◆ PROBLEM TO WORK ON
Take every line of the material and reproduce it exactly.

◆ DATA FOR ANALYSIS
[Start of Attachment]

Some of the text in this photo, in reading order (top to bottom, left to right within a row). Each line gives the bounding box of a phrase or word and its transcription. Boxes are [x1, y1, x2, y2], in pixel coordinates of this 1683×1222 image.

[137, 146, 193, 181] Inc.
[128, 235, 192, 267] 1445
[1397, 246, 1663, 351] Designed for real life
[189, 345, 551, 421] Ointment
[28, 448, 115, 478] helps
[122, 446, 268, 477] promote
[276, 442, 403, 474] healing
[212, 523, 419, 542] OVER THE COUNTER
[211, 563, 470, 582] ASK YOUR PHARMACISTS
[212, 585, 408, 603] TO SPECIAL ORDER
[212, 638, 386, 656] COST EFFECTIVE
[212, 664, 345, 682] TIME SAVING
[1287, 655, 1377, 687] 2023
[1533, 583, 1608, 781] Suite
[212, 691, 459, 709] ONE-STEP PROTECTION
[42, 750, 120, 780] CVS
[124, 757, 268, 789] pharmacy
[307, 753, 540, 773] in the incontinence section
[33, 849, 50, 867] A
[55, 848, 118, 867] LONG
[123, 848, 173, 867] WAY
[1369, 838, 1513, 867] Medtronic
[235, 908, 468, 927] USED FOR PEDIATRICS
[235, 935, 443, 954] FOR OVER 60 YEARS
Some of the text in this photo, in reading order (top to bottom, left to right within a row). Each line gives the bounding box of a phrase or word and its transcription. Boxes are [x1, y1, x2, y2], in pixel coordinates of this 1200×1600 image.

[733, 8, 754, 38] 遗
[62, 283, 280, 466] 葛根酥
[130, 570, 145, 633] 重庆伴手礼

[End of Attachment]

◆ REPLY
Some of the text in this photo, in reading order (top to bottom, left to right within a row). Each line gives the bounding box of a phrase or word and its transcription. Boxes are [x1, y1, x2, y2], in pixel coordinates of this 1683×1222 image.

[137, 146, 193, 181] Inc.
[128, 235, 192, 267] 1445
[1397, 246, 1663, 351] Designed for real life
[189, 345, 551, 421] Ointment
[28, 448, 115, 478] helps
[122, 446, 268, 477] promote
[276, 442, 403, 474] healing
[212, 523, 419, 542] OVER THE COUNTER
[211, 563, 470, 582] ASK YOUR PHARMACISTS
[212, 585, 408, 603] TO SPECIAL ORDER
[212, 638, 386, 656] COST EFFECTIVE
[212, 664, 345, 682] TIME SAVING
[1287, 655, 1377, 687] 2023
[1533, 583, 1608, 781] Suite
[212, 691, 459, 709] ONE-STEP PROTECTION
[42, 750, 120, 780] CVS
[124, 757, 268, 789] pharmacy
[307, 753, 540, 773] in the incontinence section
[33, 849, 50, 867] A
[55, 848, 118, 867] LONG
[123, 848, 173, 867] WAY
[1369, 838, 1513, 867] Medtronic
[235, 908, 468, 927] USED FOR PEDIATRICS
[235, 935, 443, 954] FOR OVER 60 YEARS
Some of the text in this photo, in reading order (top to bottom, left to right within a row). Each line gives the bounding box of a phrase or word and its transcription. Boxes are [x1, y1, x2, y2], in pixel coordinates of this 1200×1600 image.

[733, 8, 754, 38] 遗
[62, 283, 280, 466] 葛根酥
[130, 570, 145, 633] 重庆伴手礼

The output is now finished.